Methods: A 2-year-old boy with a history of adverse reactions to hens’ eggs, cow’s milk, and wheat from the age of 6 months had an anaphylactic reaction after eating beef steak at a hotel restaurant. This reaction occurred even though his parents asked the restaurant to ensure that the dish was free of hen’s eggs, cow’s milk, and wheat. We tried to discover the cause of this anaphylactic reaction. We asked the hotel restaurant by telephone about the ingredients of the dish they had served and to send some pieces of beef. We undertook a skin prick test with the meat that they sent. We determined the quantity of cow’s milk protein in a piece of injected beef using an enzyme-linked immunosorbent assay (FASTKIT™; Nipponham, Tokyo, Japan).
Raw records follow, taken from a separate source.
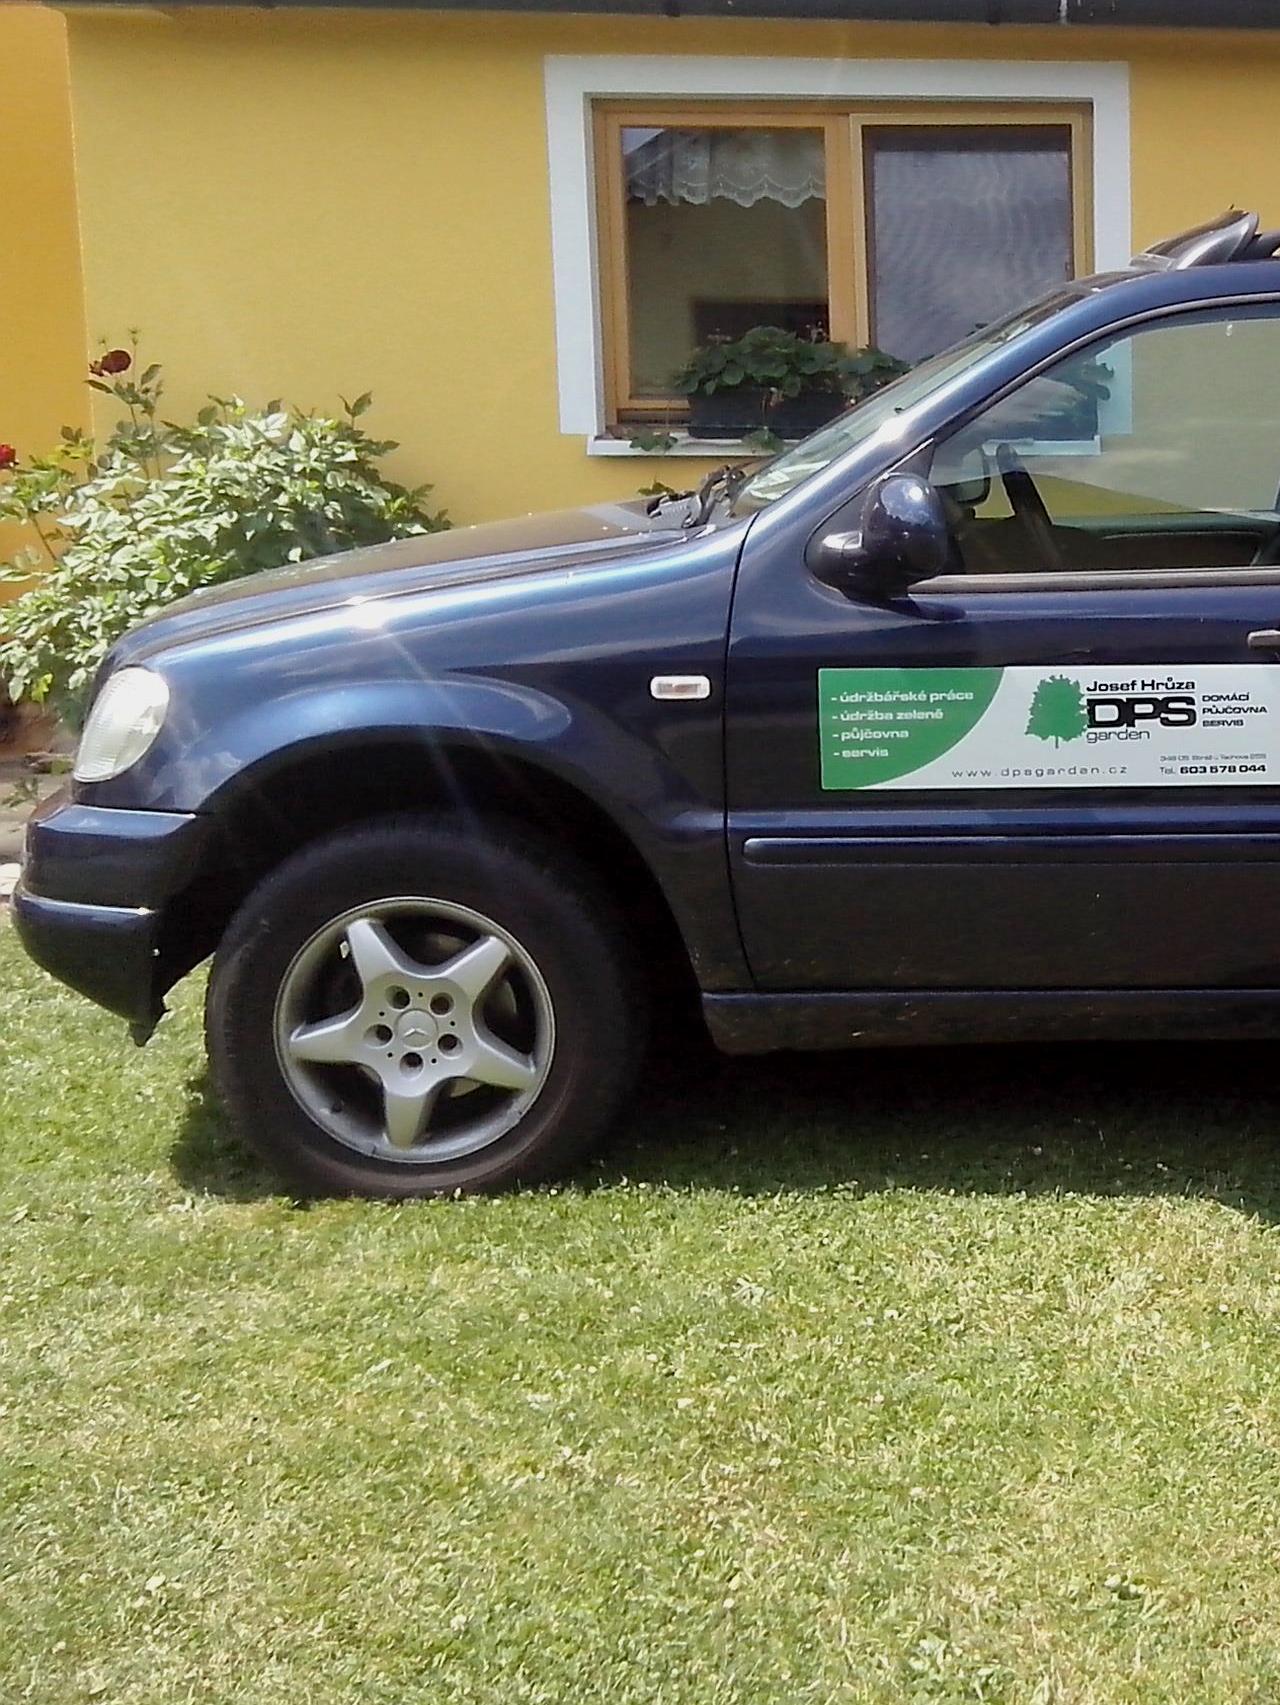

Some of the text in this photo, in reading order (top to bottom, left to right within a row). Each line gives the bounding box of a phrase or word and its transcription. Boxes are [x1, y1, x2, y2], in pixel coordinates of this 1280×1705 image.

[1086, 677, 1196, 692] Josef Hrůza
[930, 688, 974, 703] práce
[1202, 692, 1249, 702] DOMÁCÍ
[840, 709, 893, 721] údržba
[896, 708, 944, 720] zelené
[1087, 696, 1196, 728] DPS
[1202, 719, 1244, 727] SERVIS
[841, 727, 909, 741] půjčovna
[1086, 728, 1150, 744] garden
[842, 748, 889, 758] servis
[952, 766, 1128, 779] www.dpsgarden.cz
[1180, 765, 1207, 774] 603
[1239, 764, 1266, 773] 044
Results: The hotel restaurant did not use hens’ eggs, cow’s milk, or wheat, but they used injected beef that was labeled as containing casein, and they were not aware of this fact. The skin prick test was strongly positive for raw injected beef and heated beef. A piece of injected beef contained 1.193 mg/mL of cow’s milk protein, which was sufficient to induce an allergic reaction.
Conclusions: Even if injected beef is labeled appropriately, an allergic reaction can occur if chefs do not know that casein is a milk protein. Chefs need to be informed (in detail) about food allergies.